KEMPE international virtual conference: a global call to action to change child welfare
Once you speak your truth - you will know it - and it will change you: Workers’ experiences of telling ‘truth’ about doing everyday child welfare practices
date: 10/4-7/2021
speakers: Nancy Freymond, Marilee Sherry, Julia Harkness, Cheryl Elbers, & Andy Koster
abstract:
This session is about why truth-telling among child welfare workers matters; it is also about the experience of telling it, what we are learning and how it has changed us. We draw on our research– more specifically on the process of ‘doing’ a collective autoethnographic inquiry. Our research process involved sharing truths about moments in our everyday child welfare practices where we knew in our hearts that the child welfare procedures were causing harm to families, but we did not stop.
In a world where speaking truth is branded as simplistic and naïve, we chose to act on a deep yearning to share raw truths about the experience of doing everyday child welfare work. In the space we made together, we invited stories that were difficult to tell and difficult to hear. We consciously focussed on the stories not told about the times when we wrestled deeply with the humanity of our actions, about whether our child welfare actions, are, at their core, morally ‘right’. We treasured our process by agreeing to speak from the place of our most authentic selves, listening attentively and with intention to our own stories and the stories of our colleagues.
Truth-telling matters, in part, because our truths are a conduit to deeper, structural, lesser visible realities of child welfare systems. For example, we became aware of the operation of a colonial code, embedded in child welfare’s DNA about keeping silence. We theorize about why it exists and share our experiences of how we have unwittingly honoured this code in our everyday practices and the implications of having done so.
This session also explores how this process has changed us. There is power in collective truth-telling. We have experienced it as a form of personal and collective consciousness-raising. We are ‘seeing’ with more clarity than ever before our complicity in upholding child welfare processes that perpetuate deeply colonial and oppressive social relations. We will talk about how we are assuming our responsibilities and taking action.
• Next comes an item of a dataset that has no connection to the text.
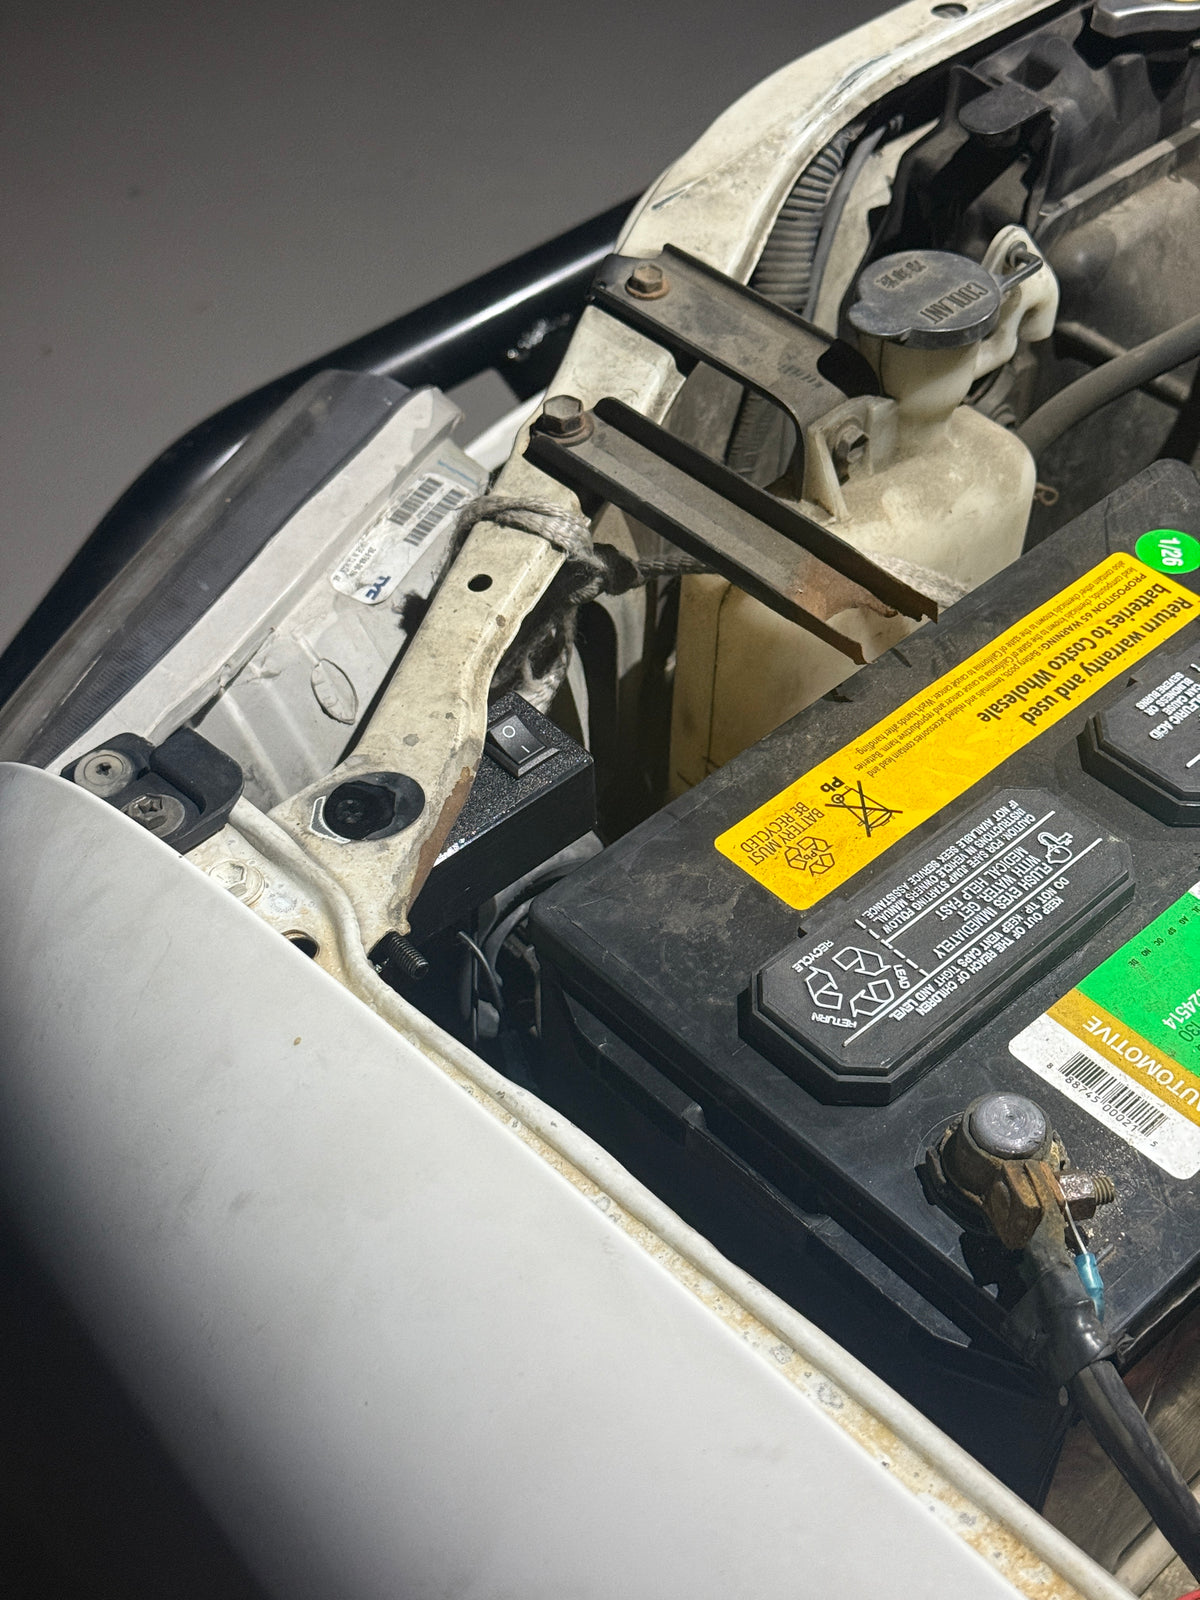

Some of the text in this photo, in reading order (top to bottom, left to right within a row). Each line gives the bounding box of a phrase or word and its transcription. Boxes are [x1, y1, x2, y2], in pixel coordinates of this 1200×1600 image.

Everyone is welcome and especially those folks who sense their own yearning to speak unfiltered truths about the realities of doing child welfare work.
Wrestling with Whiteness in Everyday Child Welfare Practice
Presenters: Darian Fournie, Emma Jewell, Tamia Knight, & Amilah Baksh
Abstract:
Building from ideas derived through the Child Welfare TRUTH-Telling Collective, we are growing in our awareness that systems of child welfare are designed to protect Whiteness. Whiteness is both a social identity and an ideology that is invisibly embedded in our history, social norms, and institutions like child welfare. It is multi-layered, everywhere and elusive at the same time. It just is. Whiteness is often invisible to those who are privileged by it because it is seen as the normal and natural way of living and of doing child welfare work. As workers, we tend not to be in the habit of questioning Whiteness in our everyday routines. And this is threatening to those who do not have this privilege because it is the source of White supremacy, oppression, and racism.
This workshop welcomes everyone but it is oriented specifically to folks who work with communities, families and young people in child welfare systems. It is our aim to provide a space conducive to dialogue and honesty about how Whiteness is reproduced in child welfare processes. We are not interested in blame or shame, but rather in becoming more aware. The information we will share relies on our lived experience of doing child welfare work and our insights from a collective autoethnographic project. We also rely on our discussions with BIPOC, as well as white workers about Whiteness in child welfare practices.
We plan to join with you in asking questions and generating ideas about resisting Whiteness in everyday child welfare routines. And we will invite you to imagine child welfare practices not structured by Whiteness.